Recent worker shortages and higher labor costs have resulted in more automated jobs, including service and professional jobs economists once considered safe. Predictions are mixed on job losses going forward, although the World Economic Forum (WEF) concluded in a 2020 report that “a new generation of smart machines, fueled by rapid advances in artificial intelligence and robotics, could potentially replace a large proportion of existing human jobs.”

Joaquin Carbonara, Buffalo State College professor of mathematics, weighed in on AI’s effect on the job market now and in the future.


Head shot of Joaquin Carbonara

 

Name: Joaquin Carbonara

Title: Buffalo State College Professor of Mathematics

Originally from Venezuela, Carbonara joined the Buffalo State College faculty in 1992 after receiving his doctorate in mathematics from the University of California, San Diego.

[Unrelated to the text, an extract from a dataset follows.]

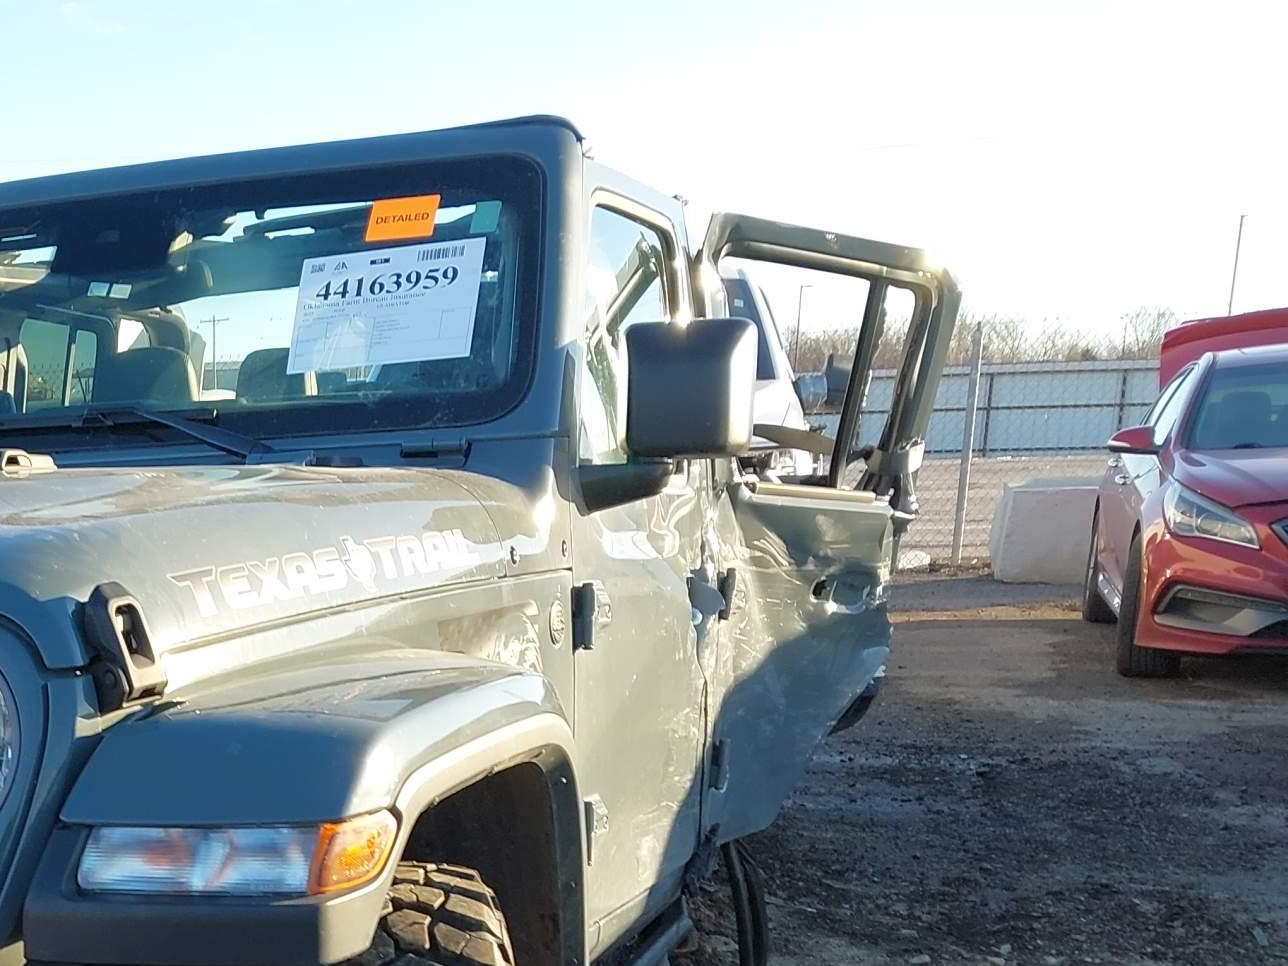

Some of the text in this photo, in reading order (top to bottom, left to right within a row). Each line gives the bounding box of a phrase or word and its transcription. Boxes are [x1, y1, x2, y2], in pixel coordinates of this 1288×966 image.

[375, 212, 430, 225] DETAILED
[315, 265, 459, 301] 44163959
[167, 529, 481, 617] TEXAS TRAIL

He coordinates Buffalo State’s Data Science and Analytics Interdisciplinary Unit and directs the data science and analytics master of science program. He has published peer-reviewed papers in the fields of fractals, combinatorics, geoinformatics, biophysics, material science, and data science, and has received over $1 million in grants from the National Science Foundation.


 

What’s driving this trend?

So many facets of AI, including translators, facial recognition software, and self-driving cars, are now available because of one type of raw material: data. It’s the gold of our times.

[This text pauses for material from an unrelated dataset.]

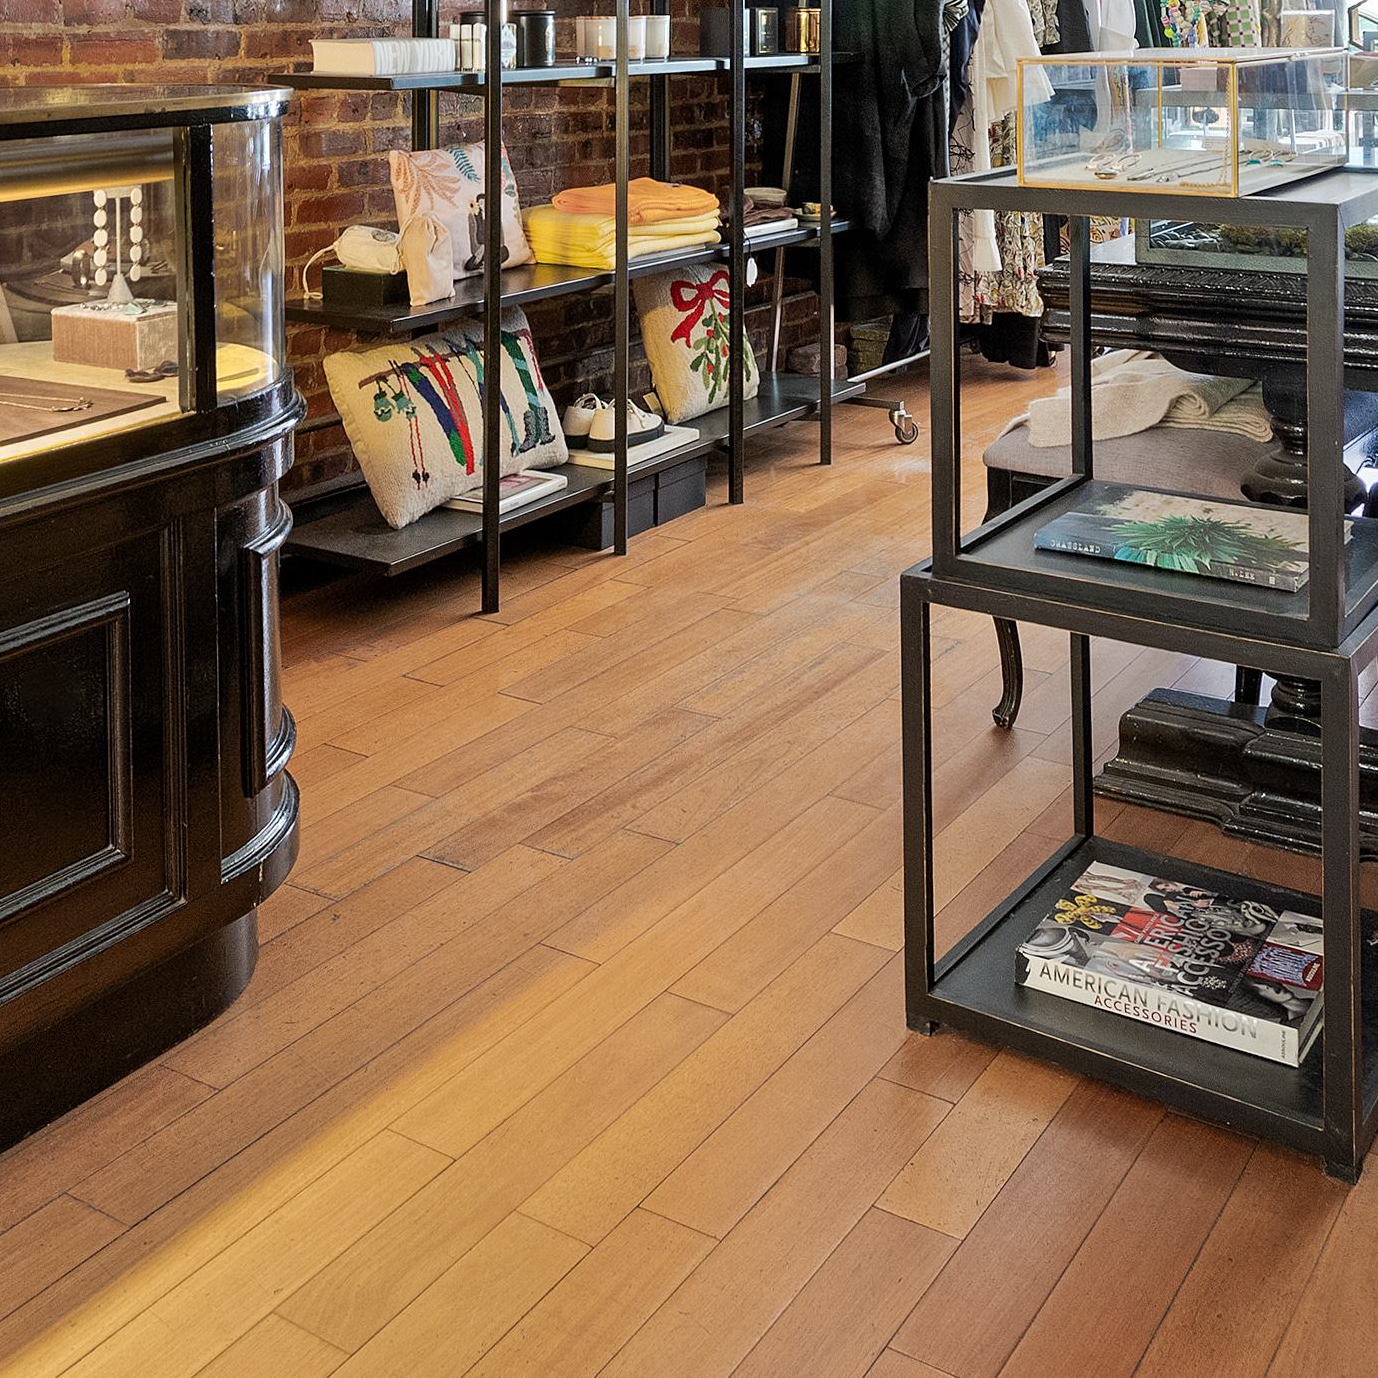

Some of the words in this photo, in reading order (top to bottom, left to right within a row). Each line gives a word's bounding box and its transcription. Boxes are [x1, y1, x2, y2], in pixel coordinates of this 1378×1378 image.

[414, 39, 456, 74] YORK
[1040, 962, 1148, 1008] AMERICAN
[1157, 994, 1258, 1039] FASHION
[1094, 995, 1198, 1034] ACCESSORIES

All the revolutions we’ve gone through—agricultural, industrial, and now, informational, are based on technology and have forced a realignment of day-to-day life. When the Model T was invented, people selling horses lost jobs. When Hollywood introduced sound in the late 1920s, silent actors with horrible voices lost jobs. Today’s realignment creates the chance to do things differently, more efficiently, and sometimes better.

Look at blockchain technology. It's also referred to as distributed ledger technology (DLT). Blockchain stores encrypted blocks of data, then chains them together. It makes the history of any digital asset unalterable and transparent and guarantees a document is correct. When you buy a house, for instance, you’re paying lots of people to make sure everything is in place. With cryptography, all the documents are accurately completed at once. It’s faster and cheaper for the consumer.

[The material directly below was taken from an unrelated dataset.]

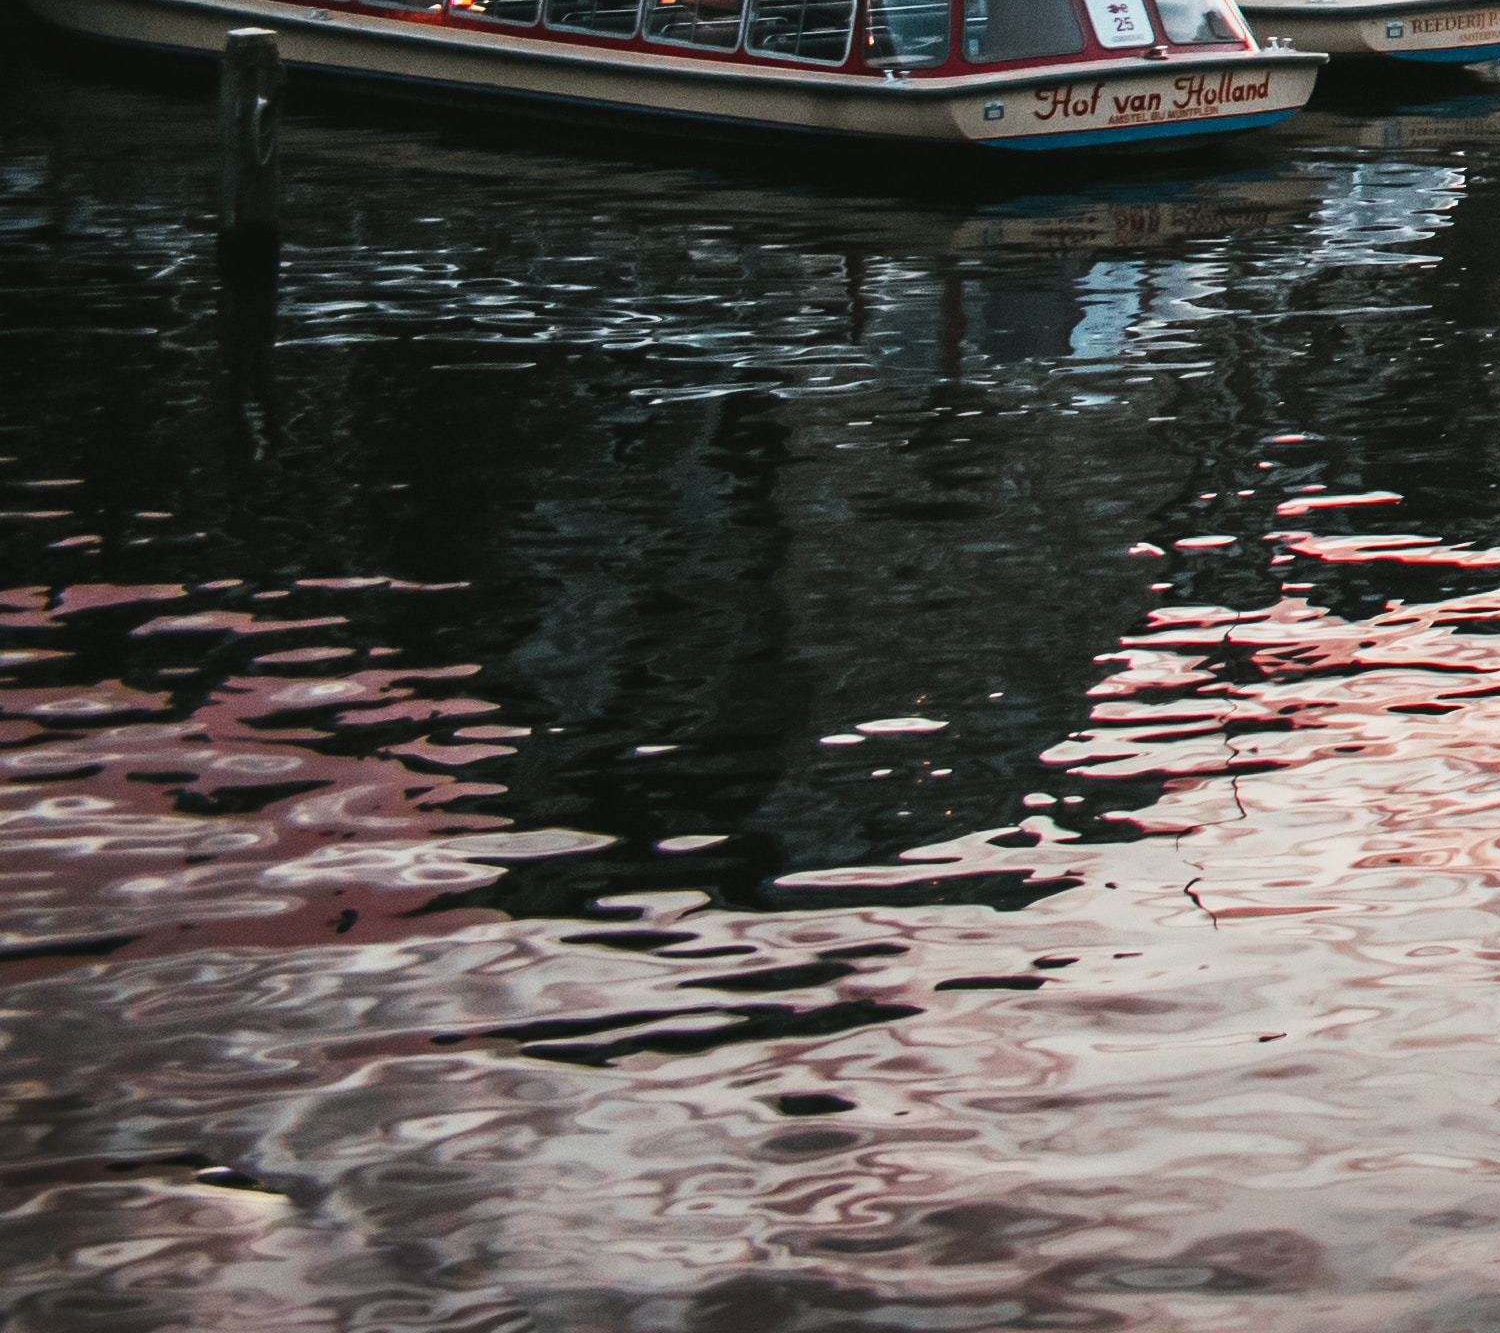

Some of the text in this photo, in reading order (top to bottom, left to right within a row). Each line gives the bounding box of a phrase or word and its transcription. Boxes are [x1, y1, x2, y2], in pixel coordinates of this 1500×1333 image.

[1114, 16, 1135, 32] 25
[1411, 13, 1485, 34] REEDERIJ
[1034, 69, 1271, 121] Hof van Holland
[1107, 112, 1148, 125] AMSTEL

What jobs are robots taking?

Manufacturing jobs have been automated for a long time. Now, it’s jobs that have to do with information—accounting, billing, purchasing, etc. Our world is based on paperwork, and there is so much waste. Robots can improve the flow of information and keep track of things accurately.

However, robots are not independent. They can do mechanical tasks over and over, but they can’t explain—yet—the reasons behind the tasks. Humans are still needed to create the technology and to ensure it’s working the way it’s intended.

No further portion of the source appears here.